[REQUIRED ACTION] Please transcribe the entries below exactly and leave out every picture.

(Saved entries)
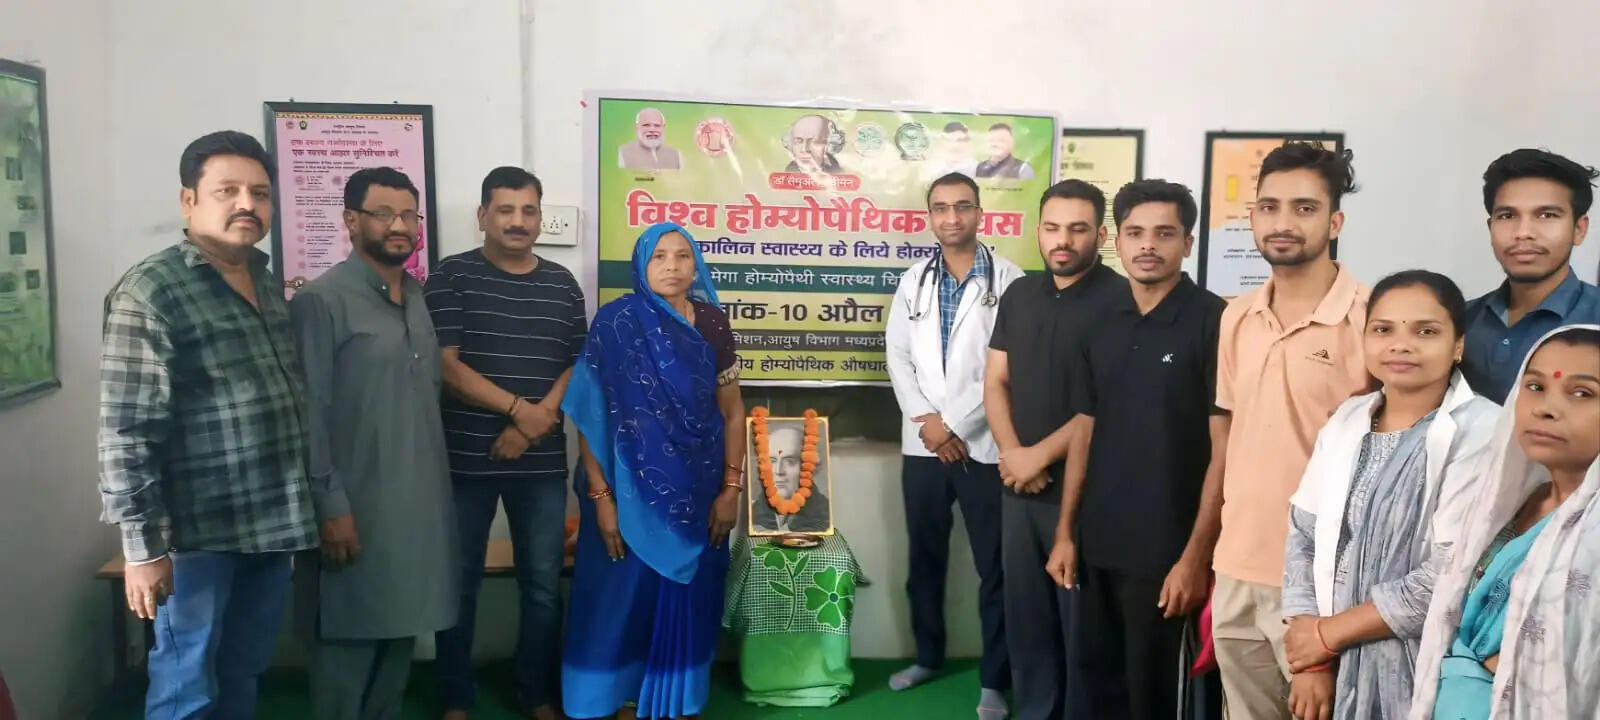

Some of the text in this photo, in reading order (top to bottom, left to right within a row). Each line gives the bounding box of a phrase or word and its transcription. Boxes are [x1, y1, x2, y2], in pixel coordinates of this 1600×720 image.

[626, 189, 1024, 237] विश्व होम्योपैथिक वस
[761, 242, 822, 257] स्वास्थ्य
[829, 240, 848, 258] के
[854, 240, 890, 259] लिये
[896, 241, 942, 259] होम्यो
[711, 267, 738, 283] मेगा
[745, 268, 815, 285] होम्योपैथी
[820, 274, 876, 287] स्वास्थ्य
[817, 297, 884, 324] अप्रैल
[806, 334, 839, 346] विभाग
[845, 333, 885, 348] मध्यप्रदे
[760, 355, 834, 373] होम्योपैथिक

[FINISHED EXERCISE]
Some of the text in this photo, in reading order (top to bottom, left to right within a row). Each line gives the bounding box of a phrase or word and its transcription. Boxes are [x1, y1, x2, y2], in pixel coordinates of this 1600×720 image.

[626, 189, 1024, 237] विश्व होम्योपैथिक वस
[761, 242, 822, 257] स्वास्थ्य
[829, 240, 848, 258] के
[854, 240, 890, 259] लिये
[896, 241, 942, 259] होम्यो
[711, 267, 738, 283] मेगा
[745, 268, 815, 285] होम्योपैथी
[820, 274, 876, 287] स्वास्थ्य
[817, 297, 884, 324] अप्रैल
[806, 334, 839, 346] विभाग
[845, 333, 885, 348] मध्यप्रदे
[760, 355, 834, 373] होम्योपैथिक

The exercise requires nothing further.